The proof is based on the following decomposition:$$\widehat{\beta }-\beta ={(\alpha I+K^{*}K)}^{-1}{K}^{*}(\widehat{r}-\widehat{K}\beta )+\underset{\triangleq R_T}{\underbrace{R_1+R_2+R_3+R_4}}$$with$$\begin{array}{cc}{R}_1\hfill & =\left[{(\alpha I+{\widehat{K}}^{*}\widehat{K})}^{-1}{\widehat{K}}^{*}-{(\alpha I+K^{*}K)}^{-1}{K}^{*}\right](\widehat{r}-\widehat{K}\beta )\hfill \\ R_2\hfill & =\alpha {(\alpha I+{\widehat{K}}^{*}\widehat{K})}^{-1}{\widehat{K}}^{*}(\widehat{K}-K){(\alpha I+K^{*}K)}^{-1}\beta \hfill \\ R_3\hfill & =\alpha {(\alpha I+{\widehat{K}}^{*}\widehat{K})}^{-1}({\widehat{K}}^{*}-K^{*})K{(\alpha I+K^{*}K)}^{-1}\beta \hfill \\ R_4\hfill & ={(\alpha I+K^{*}K)}^{-1}{K}^{*}K\beta -\beta .\hfill \end{array}$$

To see that this decomposition holds, note that$$\begin{array}{c}{R}_2+R_3=\alpha {(\alpha I+{\widehat{K}}^{*}\widehat{K})}^{-1}\left[{\widehat{K}}^{*}\widehat{K}-K^{*}K\right]{(\alpha I+K^{*}K)}^{-1}\beta \\ =\alpha {(\alpha I+{\widehat{K}}^{*}\widehat{K})}^{-1}\left[(\alpha I+{\widehat{K}}^{*}\widehat{K})-(\alpha I+K^{*}K)\right]\\ \mathrm{\hspace{1em}}\mathrm{\hspace{1em}}{(\alpha I+K^{*}K)}^{-1}\beta \\ =\alpha {(\alpha I+K^{*}K)}^{-1}\beta -\alpha {(\alpha I+{\widehat{K}}^{*}\widehat{K})}^{-1}\beta \\ =\left[\mathrm{}I\mathrm{}-\mathrm{}\alpha {(\alpha I\mathrm{}+\mathrm{}{\widehat{K}}^{*}\widehat{K})}^{-1}\right]\beta \mathrm{}+\mathrm{}\left[\alpha {(\alpha I\mathrm{}+\mathrm{}{K}^{*}K)}^{-1}\mathrm{}-\mathrm{}I\right]\beta \\ ={(\alpha I+{\widehat{K}}^{*}\widehat{K})}^{-1}{\widehat{K}}^{*}\widehat{K}\beta -{(\alpha I+K^{*}K)}^{-1}{K}^{*}K\beta .\end{array}$$

Note also that$$\widehat{r}-\widehat{K}\beta =\frac{1}{T}\sum _{t=1}^T{U}_t\Psi (.,W_t).$$

Therefore, if we can show the desired order for $E\Vert R_T{\Vert }^2$, the conclusion of the theorem would follow.
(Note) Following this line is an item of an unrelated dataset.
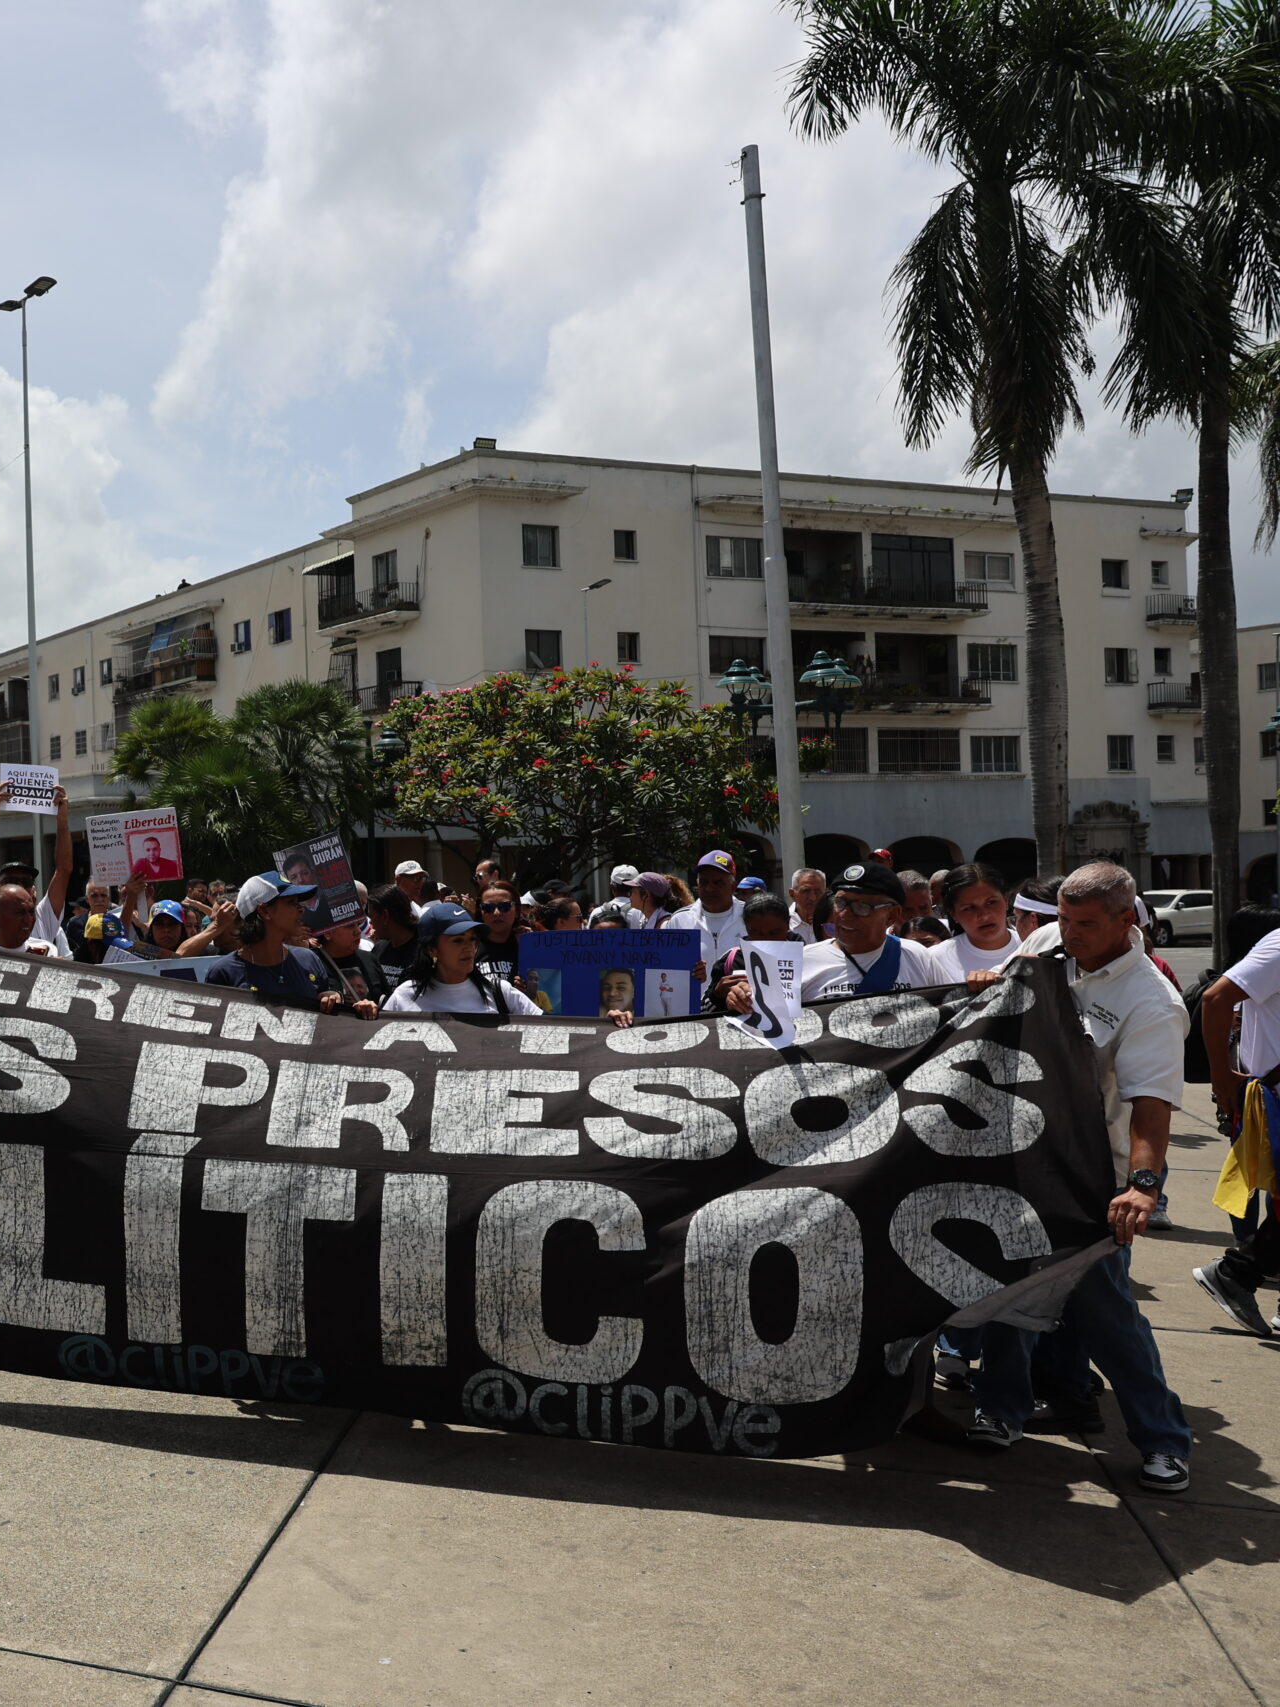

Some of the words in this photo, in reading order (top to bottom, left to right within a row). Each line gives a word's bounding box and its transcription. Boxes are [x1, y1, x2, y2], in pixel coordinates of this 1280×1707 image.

Under Assumption 3.1 by Lemma A.1.1$$\begin{array}{c}E{\Vert \widehat{r}-r\Vert }^2=E{\Vert \frac{1}{T}\sum _{t=1}^T\left\{Y_t\Psi (.,W_t)-E[Y_t\Psi (.,W_t)]\right\}\Vert }^2\\ \lesssim \frac{1}{T}\end{array}$$and$$\begin{array}{c}E{\Vert \widehat{k}-k\Vert }^2=E{\Vert \frac{1}{T}\sum _{t=1}^T\left\{Z_t(.)\Psi (.,W_t)-E[Z(.)\Psi (.,W)]\right\}\Vert }^2\\ \lesssim \frac{1}{T}.\end{array}$$

Since$$\Vert R_T\Vert \le \Vert R_1\Vert +\Vert R_2\Vert +\Vert R_3\Vert +\Vert R_4\Vert ,$$it is sufficient to control each of the four terms separately.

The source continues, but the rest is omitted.